MacDowell Montessori School is a public school that is part of the Milwaukee Public School District. Located at 6415 W Mt Vernon Ave it is on the west side of Milwaukee, Wisconsin in the Bluemound Heights neighborhood. The school building was built in 1932 as the home for Solomon Juneau Business High School which closed down in 2006.

The school began in late August 2009 as Montessori International Baccalaureate High School then during 2012–2013, they merged with Edward A. MacDowell Montessori School to now serve as a K3-12 school with an International Baccalaureate curriculum for grades 11–12, while using Montessori education for K3-12.

==About the School==
MacDowell Montessori School promotes concentration, practical life, and problem-solving skills as students apply knowledge in all subjects. At the K-8 level, classrooms are multi-age, combining the ages of 3–6, 6–9, 9-12, and 12–14. Students integrate science, history, geography, and the arts through lessons, projects, and community experiences. The high school program combines the Montessori philosophy with the International Baccalaureate program, which provides a rigorous curriculum for college preparation.

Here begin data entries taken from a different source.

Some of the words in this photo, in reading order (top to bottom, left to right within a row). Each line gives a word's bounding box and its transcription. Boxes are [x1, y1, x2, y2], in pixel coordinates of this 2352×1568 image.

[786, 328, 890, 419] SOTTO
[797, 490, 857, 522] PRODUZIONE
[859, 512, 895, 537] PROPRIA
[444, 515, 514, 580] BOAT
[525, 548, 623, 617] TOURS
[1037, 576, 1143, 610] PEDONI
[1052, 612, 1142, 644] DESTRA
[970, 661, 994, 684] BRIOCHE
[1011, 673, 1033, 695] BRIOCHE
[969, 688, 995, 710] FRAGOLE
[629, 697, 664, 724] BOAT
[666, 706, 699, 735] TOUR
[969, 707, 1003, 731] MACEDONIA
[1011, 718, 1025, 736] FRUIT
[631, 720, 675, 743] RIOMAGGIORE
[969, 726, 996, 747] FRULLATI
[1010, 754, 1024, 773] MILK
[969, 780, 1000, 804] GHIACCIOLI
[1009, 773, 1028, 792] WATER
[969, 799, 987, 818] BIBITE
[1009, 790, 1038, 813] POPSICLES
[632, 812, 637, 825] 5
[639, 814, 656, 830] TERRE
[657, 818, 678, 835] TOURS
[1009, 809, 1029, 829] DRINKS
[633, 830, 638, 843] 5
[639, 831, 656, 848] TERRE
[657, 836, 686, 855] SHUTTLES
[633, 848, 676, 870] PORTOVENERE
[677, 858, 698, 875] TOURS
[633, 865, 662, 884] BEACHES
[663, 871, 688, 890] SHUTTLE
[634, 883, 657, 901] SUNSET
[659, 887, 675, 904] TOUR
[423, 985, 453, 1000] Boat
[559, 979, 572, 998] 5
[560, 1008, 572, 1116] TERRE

MacDowell emphasizes the importance of productive community involvement and a humanistic worldview.

==International Baccalaureate==
There are various diploma program course offerings at MacDowell Montessori that can be taken during grades 11–12.

==Montessori==
Macdowell Montessori is one of many schools that use the Montessori method of education. The importance of developing a love of learning is central to the Montessori method of education. The Montessori method is based on the research of Italian physician and educator Maria Montessori (1870-1952), who developed the educational philosophy after scientifically observing children in learning environments. Dr. Montessori found that children have the effortless ability to absorb knowledge from their surroundings and develop confidence by teaching themselves. She developed educational plans based on the natural behavior of a child, untouched by adult commands, classroom competition or regimented schedules. Dr. Montessori's philosophy remains the foundation of an astounding educational practice today.

==Athletics and Extra Curricular Activities==
There are multiple extracurricular activities for grades 1-12, as well as various school occupations for grades 7-12. The Solomon Juneau Business High School athletics program (Juneau Pioneers) is being used by MacDowell Montessori for cross country, girls volleyball, girls & boys basketball, cheerleading, girls & boys golf, and girls & boys tennis under the name Milwaukee Juneau. They co-op with different schools for football, girls & boys swim, girls & boys soccer, wrestling, track & field, baseball, and girls softball.

==School Tradition==
A tradition from Solomon Juneau High School of not stepping on the Main Entrance Mosaic is also tradition within MacDowell Montessori.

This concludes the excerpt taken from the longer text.